This is a story about death, about suicide, censorship, idolatry in the ruination of souls.
It's a story about Satan and St. Michael, about leather studs and clothed hooves, and about heavy metal.
Specifically about heavy metal icons, Judas Priest, a band who made great music.
unlike that music
I played for you at the top of the show
that wasn't great music
that was a preset loop from my
Melotron called dead-eyed
and muscle bound MK
2
I played you that loop because
I can't afford the rights to say you
say me by Lionel Richie
and why would I play you that specific
slice of it ain't easy like
Sunday morning cheese anymore
could I afford it
because that
was the number one song in America on December 23, 1985.
And that was the day the two young metalheads put a shotgun to their heads
and threatened not only their own existence, but the future existence of heavy metal.
On this episode, suicide, censorship, satanic panic, St. Michael, and the defenders of the faith, Judas Priest.
I'm Jake Brennan, and this is Disgraceland.
The young rocker didn't know it yet, but he was a metalhead.
It was 1969, and that term wouldn't come about for another decade or so.
But here in this Birmingham, England church, he felt the heaviness.

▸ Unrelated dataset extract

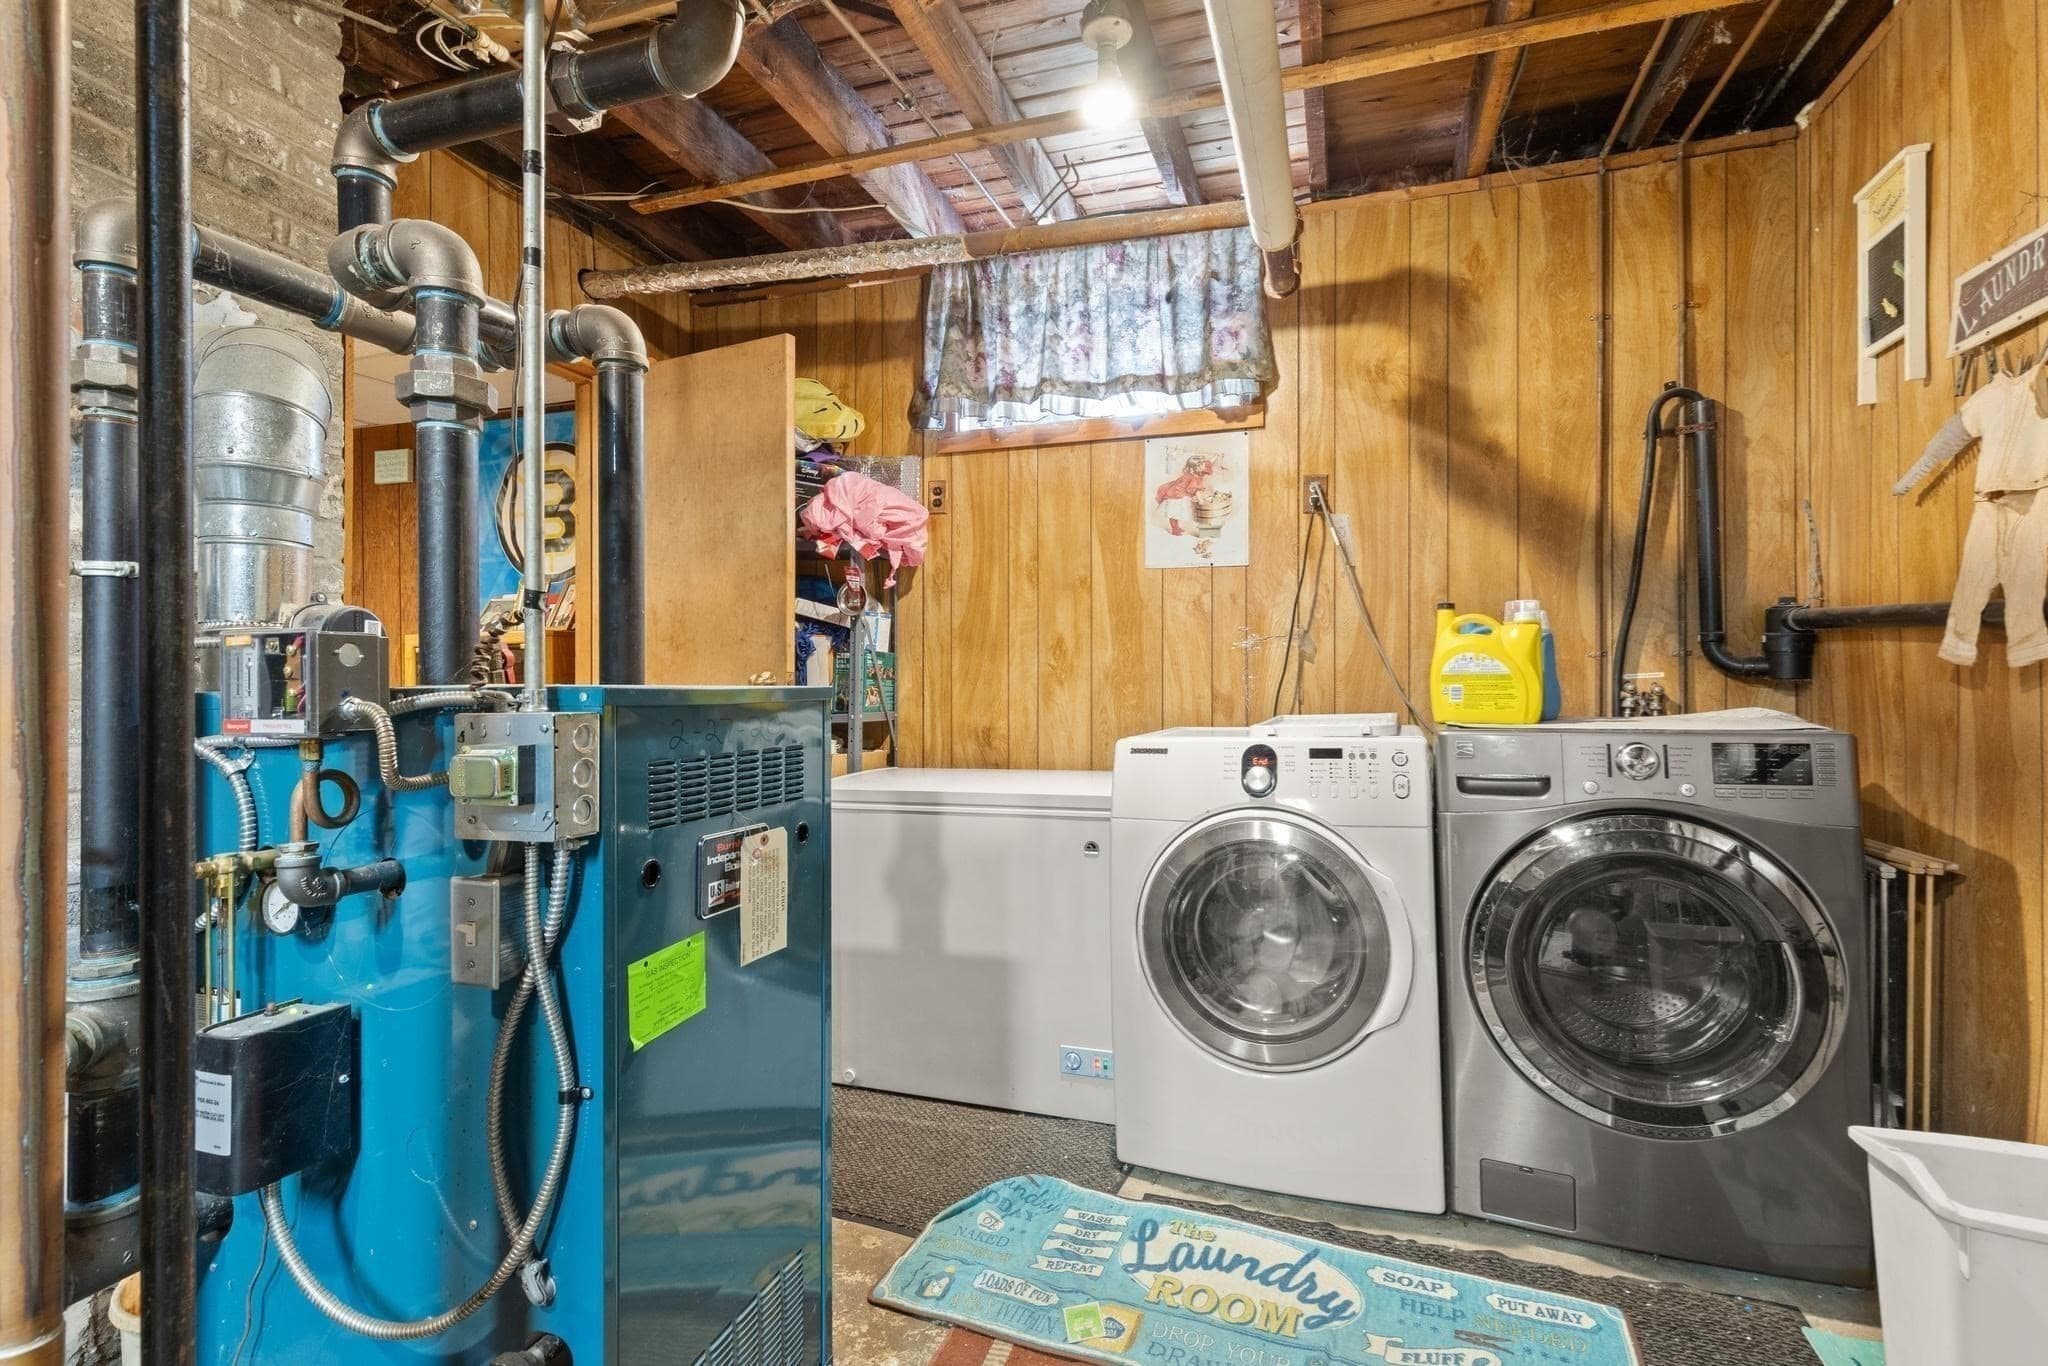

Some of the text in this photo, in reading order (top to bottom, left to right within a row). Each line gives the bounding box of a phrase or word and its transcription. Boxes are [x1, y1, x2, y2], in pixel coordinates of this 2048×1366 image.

It tangled with a very real sense of beauty,
and that beauty was working hard for itself,
like a rare sunny day in the dreary midlands where he grew up,
the light in the dark, hope and gloom.
And inside that contrast, there was irony.
After all, this was a funeral.
How could a funeral be beautiful?
Especially a funeral for a kid.
He didn't know.
It just was.
The saints above, their images cut and kilned into the stained glass windows stared down at him.
The young metalhead knew that the intended effect was warmth.
But right now, in his dirty denim with his long hair, all he felt was,
was judgment sitting among the square working class members of this community.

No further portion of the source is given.